О себе мама почти не писала: «Все у меня хорошо, работаю, на работе тоже все хорошо», – об отце не писала вовсе, значит, совсем забросил мать, ничего о Марке, наверно, не приезжал в Москву, не писала о Нине и других Сашиных друзьях, значит, не заходят, упоминала о сестрах, у них тоже все хорошо. Главное в письмах – «Как ты себя чувствуешь, как устроился, как питаешься, что нужно, пиши обязательно, не стесняйся, мы все тебе достанем, все пришлем». И было ясно, что мама живет только мыслями о нем, своей тоской и страданием. Но мама выстояла, не сломилась, живет ради него, и он обязан жить ради нее, пока жив он, будет жива она. И мама не одинока, в каждом письме упоминает Варю. «Мы ходили к тебе вместе с Варей» – это означало, что по тюрьмам они его искали вместе. «Когда мы с Варей стояли в очередях» – Саша понимал, в каких очередях они стояли.
Все товарищи его покинули. И только Варя, маленькая Варя не оставила его мать. Саша вспоминал ее тонкое прозрачное лицо, малайские глаза, волосы, аккуратной челкой свисающие на крутой лоб, взгляд, каким красивые девочки смущают мальчиков, голые коленки, на которых она в школе писала шпаргалки, маленькая женщина, грациозная, изящная… Вспоминал, как стояла она в воротах с такими же, как она, подростками, в темном пальто с небрежно приподнятым воротником. Вспоминал, как радовалась тому, что сидит в «Арбатском подвальчике», вспоминал, как танцевал с ней… «Где б ни скитался я цветущею весной, мне снился дивный сон, что ты была со мной…» И как она прижималась к нему, пуская в ход свой незамысловатый набор обольщения…
Варя одна не бросила его мать, была рядом с ней в самые тяжелые дни. Именно такой человек, стойкий и бесстрашный, и нужен маме. Кто послал ей эту опору? Нежность к этой мужественной девочке пронзила Сашу. А он читал ей нотации, смотрел на нее глазами Нины. До чего же узок был его взгляд тогда!
В его подъезде жила старуха Травкина с младшей дочерью. Старшая была на Соловках, не то эсерка, не то меньшевичка. С Травкиными никто не знался.
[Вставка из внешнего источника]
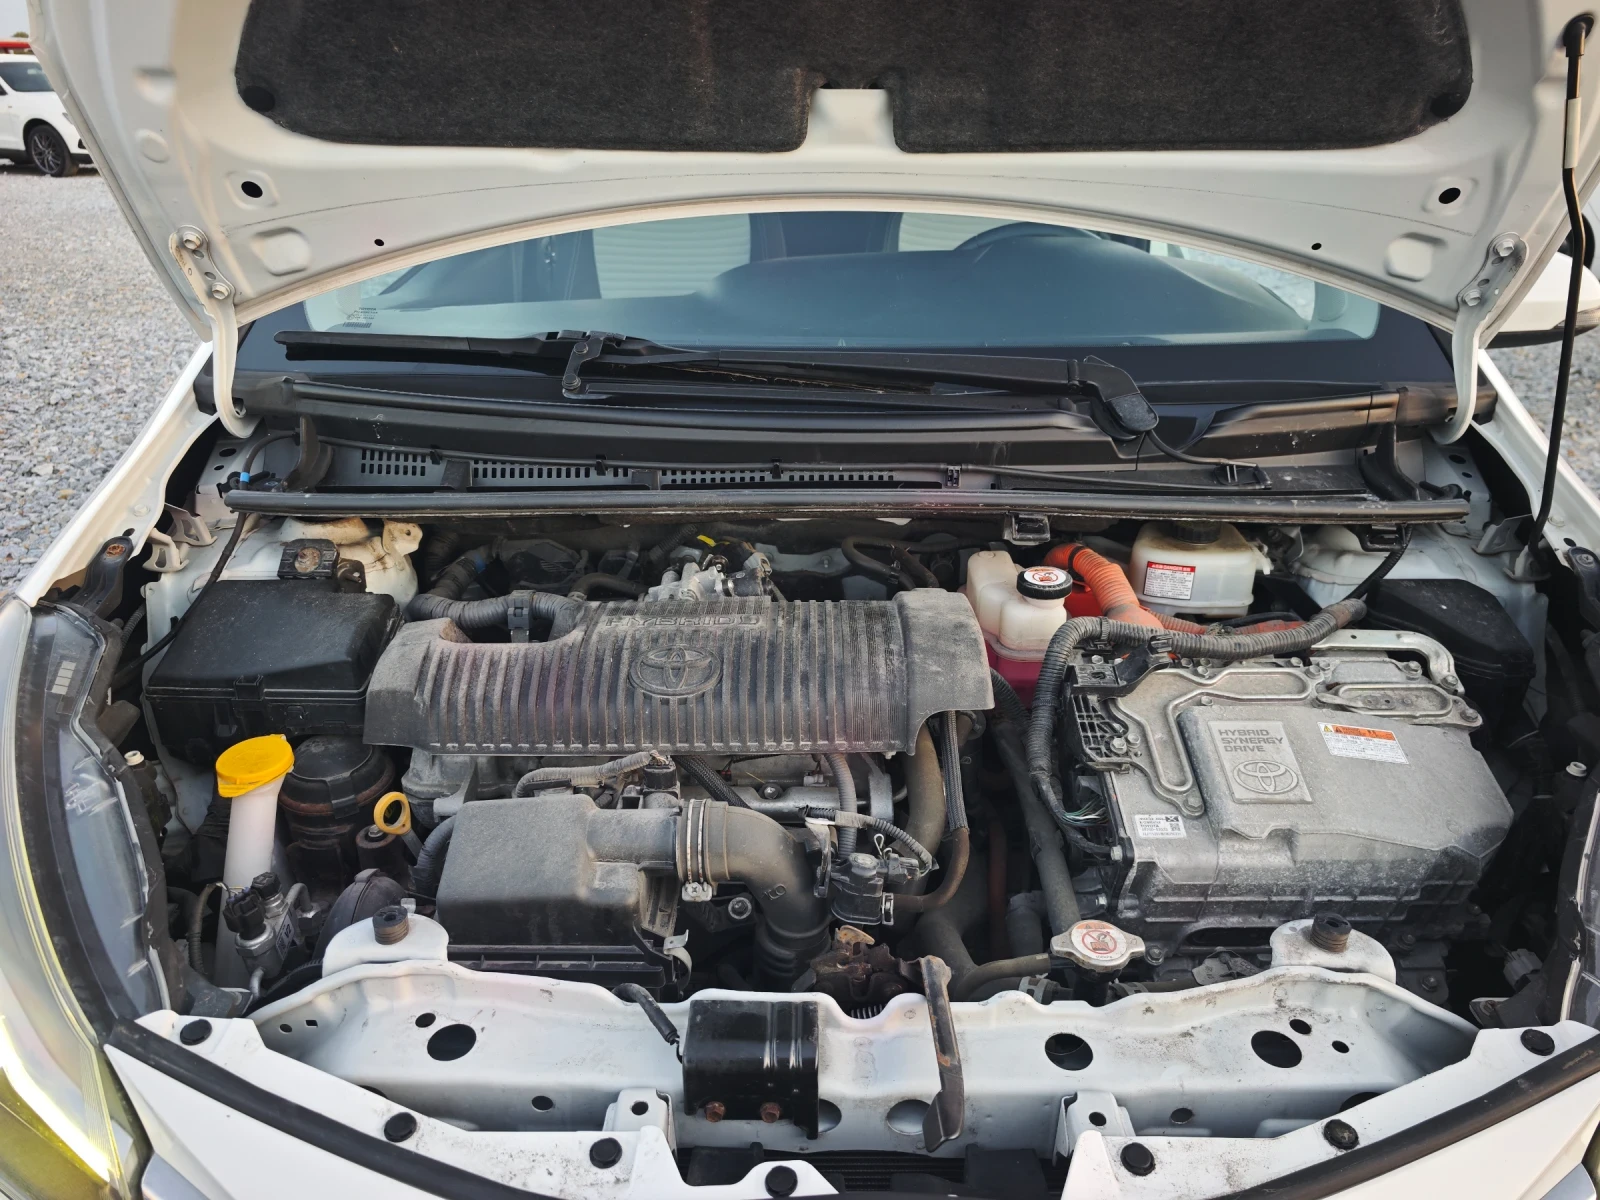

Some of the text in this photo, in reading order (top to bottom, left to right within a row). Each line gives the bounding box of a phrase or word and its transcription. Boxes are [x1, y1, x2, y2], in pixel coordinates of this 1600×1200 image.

[605, 615, 736, 627] HYBRID
[1218, 729, 1269, 737] HYBRID
[1220, 737, 1283, 745] SYNERGY
Старуха молча пересекала двор, худая, прямая, в черном пальто и черной старомодной шляпе. И младшая дочь ее тоже молча проходила по двору. В ее живых глазах было что-то жалко-искательное, но в ответных взглядах она встречала равнодушие или злорадство.
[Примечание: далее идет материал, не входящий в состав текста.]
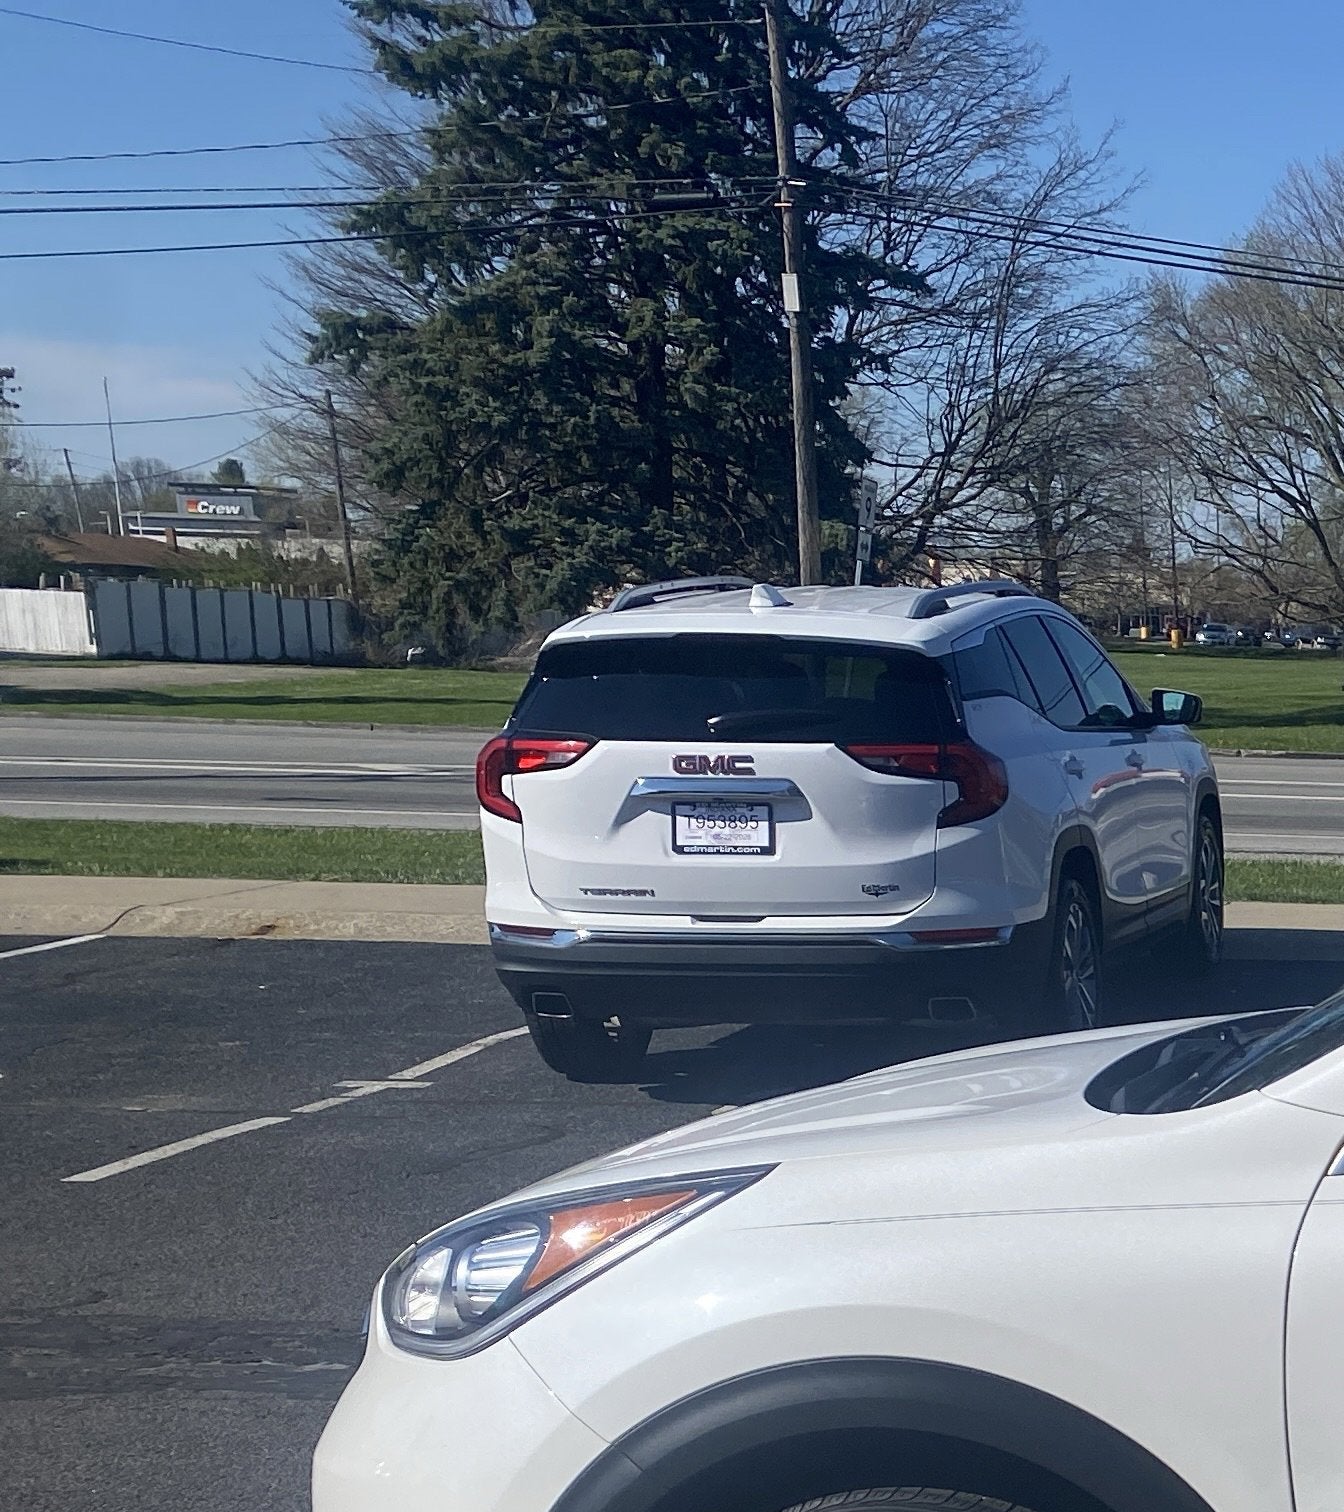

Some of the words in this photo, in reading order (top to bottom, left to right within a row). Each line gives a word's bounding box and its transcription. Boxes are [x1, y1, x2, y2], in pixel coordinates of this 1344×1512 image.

[197, 500, 241, 515] Crew
[672, 754, 757, 776] GMC
[684, 814, 759, 830] T953895
[683, 845, 761, 854] edmartin.com
[578, 887, 657, 898] TERRAIN
И Саша смотрел на нее неприязненно – семья врагов.
Под такими же взглядами проходит теперь по двору его мама, мать врага. Но она не одинока, у нее есть Варя, она делит с ней невзгоды, облегчает ее страдания.
Почта приходила каждую неделю. Саша приносил домой письма, иногда посылку, обшитую белой холстиной, меченную коричневыми сургучными лепешками, приносил бандероли, туго затянутые оберточной бумагой с желтыми полосами засохшего клея. На бандеролях четким, чертежным шрифтом, писала, конечно, Варя, было выведено: «Канский округ, Кежемский район, деревня Мозговая». Таков же был адрес и на письмах. Саша поправлял мать: «Не Мозговая, а Мозгова», – но она продолжала писать так, как считала правильнее.
Растягивая удовольствие, Саша просматривал письма, перелистывал газеты, прочитывал наиболее интересное, откладывал, вскрывал посылку. Печенье, конфеты, какао, сушеные или консервированные фрукты, все это стоит больших денег. Саша запрещал матери присылать продукты, но она посылала.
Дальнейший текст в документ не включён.